Sanatçı, için de çok özel bir yeri olan bu eserin yapım fikri nasıl oluştu ve hangi aşamalardan sonra eser tamamlandı gelin kendisinden dinleyelim:
“Yusuf suresi hayata dair, bize dair o kadar çok duyguları anlatan bir sure ki onun içinden bir şey seçmem gerekliydi. Seçilecek donelerden birtanesi kuyu idi. Kuyu bizim için elimizde tutabileceğimiz somut ve önemli bir örnek. Atıf olarak neler olmalıydı diye düşündüm. En ciddi atıfta bulunmam gereken duygu umut duygusuydu. Umut ile alakalı düşünmeye başladım. Umudu hem yazarak karşı tarafa nasıl verebilirim, yani bir kuyunun içerisine düşmüş bir adam var ve bu adam yarın öbür gün Mısır’a vezir olacak. Bu duyguyu da vermem lazımdı.

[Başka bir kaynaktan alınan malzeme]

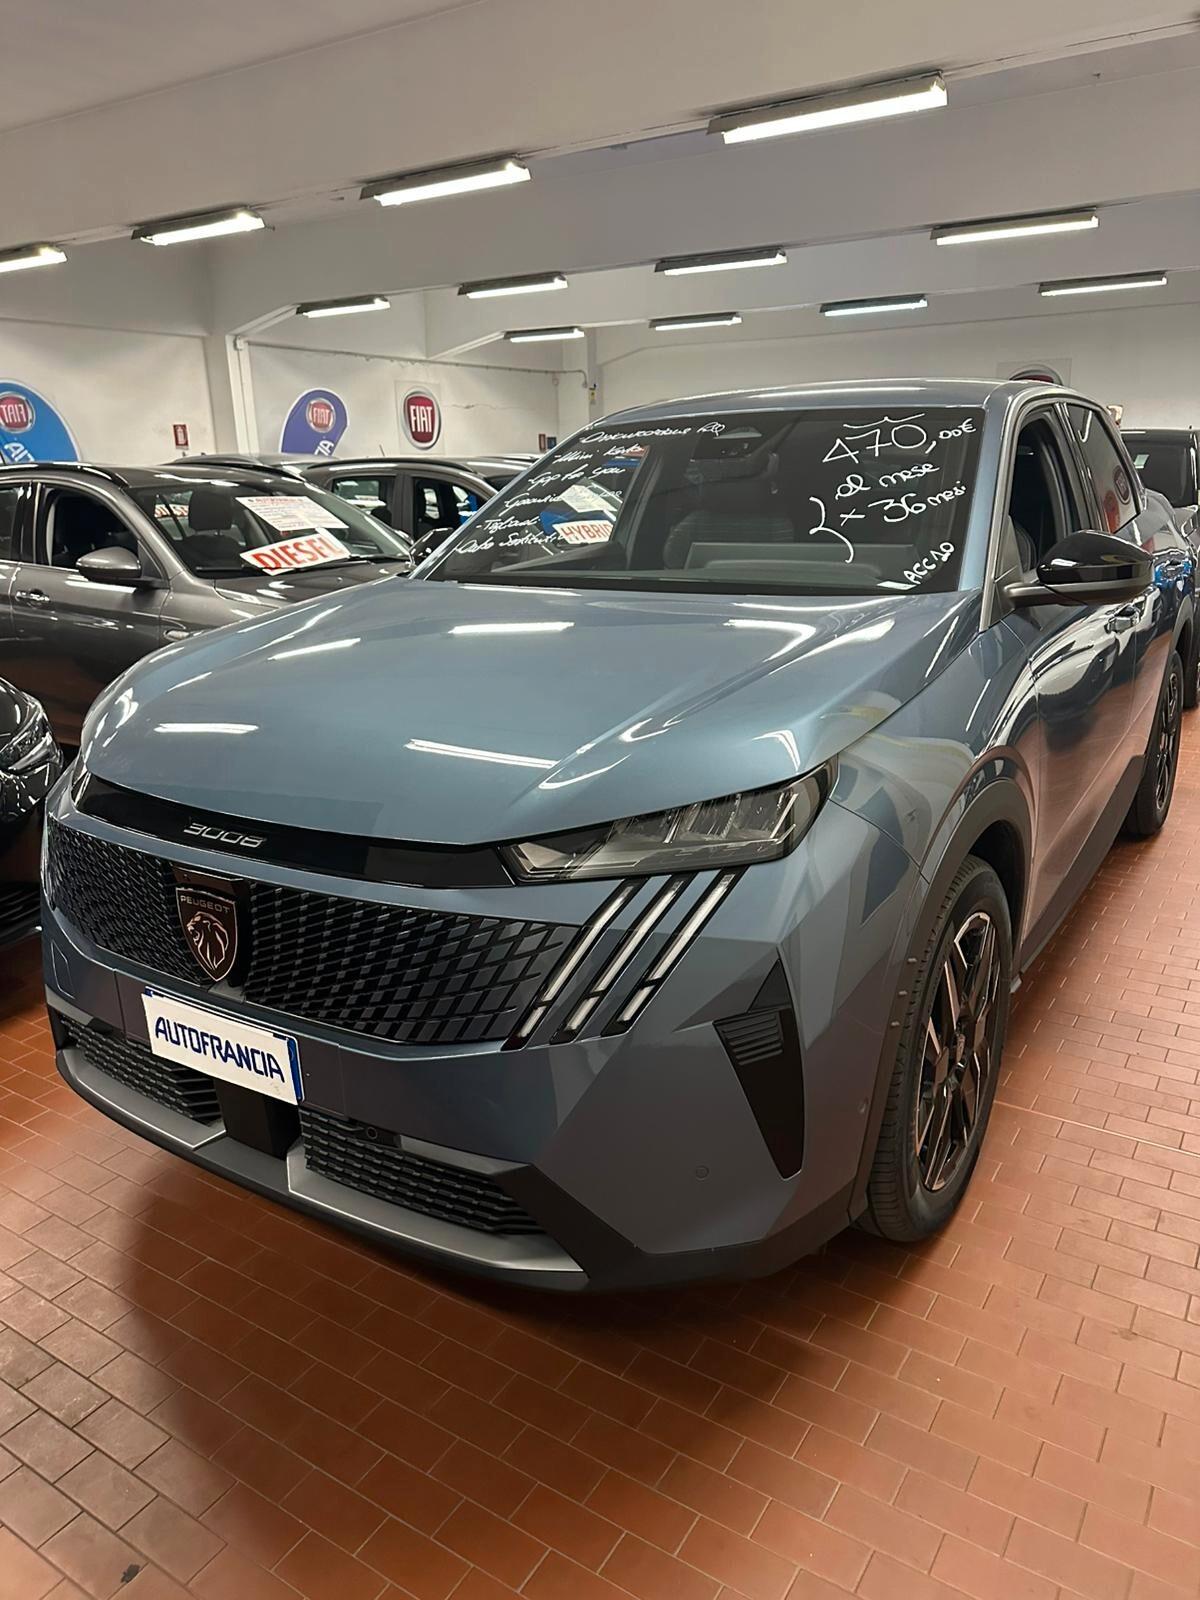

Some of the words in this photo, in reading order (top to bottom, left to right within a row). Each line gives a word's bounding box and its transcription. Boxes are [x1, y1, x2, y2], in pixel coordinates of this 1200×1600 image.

Kuyunun sahibi olan Allahu Teala duygusunu da vermem lazımdı. Evet orada bir kuyu var ama bu kuyunun da bir sahibi var. Bununla alakalı dijital çalışmalara başladım. Eserlerimi öncelikle dijital olarak çalışırım. Dışarıdan doğru sureyi içeriye doğru küçülterek yazmaya başladım. Burada da şöyle bir problem ile karşılaştık, bazen latin harfler tam olarak denk gelmiyordu. O zaman ne yapalım dedik, bu defa kuyunun içerisinden sureyi tersten dışarıya doğru yazmaya başladık. Tabi bitti, orta kısmı hafif bir çıkıntı yaptım. Yani Yusuf peygamberin kuyudan çıkacağına atıfta bulunmak için minik siyah bir çıkıntı yaptım. Ve o çıkıntının üstüne Yakup peygamberin gözyaşlarını simgelemek için belirli damlalar bıraktım. Eser bu amaçlar ile ilkin oluşturuldu. Dijital altyapısı yaklaşık 2 yıl sürdü. Onları orantılamak aslında bir matematik ve mühendislik ile ilerledi. 2 yılın sonunda da uygulamaya geçmeye başladık. 6 ay da bu uygulama sürdü. Çapı yaklaşık 1.5 metre, derinliği de 40cm ve 38 kattan oluşan ve yaklaşık 111 ayet.”
Hz. Yusuf’un kuyuya atılması hikayesi İslam tarihinde oldukça önemli bir yere sahiptir. İslam edebiyatına da konu olmuş olan bu hadise birçok mesnevide ele alınmış ve işlenmiş. Özellikle Haşimi’nin ‘Yusuf dahi olsan düşürürler seni çaha’ beyti bu olguya dikkat çekiyor.
Kardeş dahi olsa insanoğluna güven olmayacağı kıssasını içerir bu hadise. Madalyonun öteki yüzünde ise kötülüğe iyilik ile karşılık verme var.
Hz. Yusuf bu kör kuyudan çıkıp Mısır’a gider ve orada yüksek mertebelere kadar çıkar. Nihayetinde Mısır’a buğday almak için gelen ve kendisini kör kuyuya atmış olan kardeşlerini görür ve onları affeder. O, kendisine yapılmış olan kötülüğe yine iyilik ile karşılık vermiş ve intikam amacı gütmemiştir.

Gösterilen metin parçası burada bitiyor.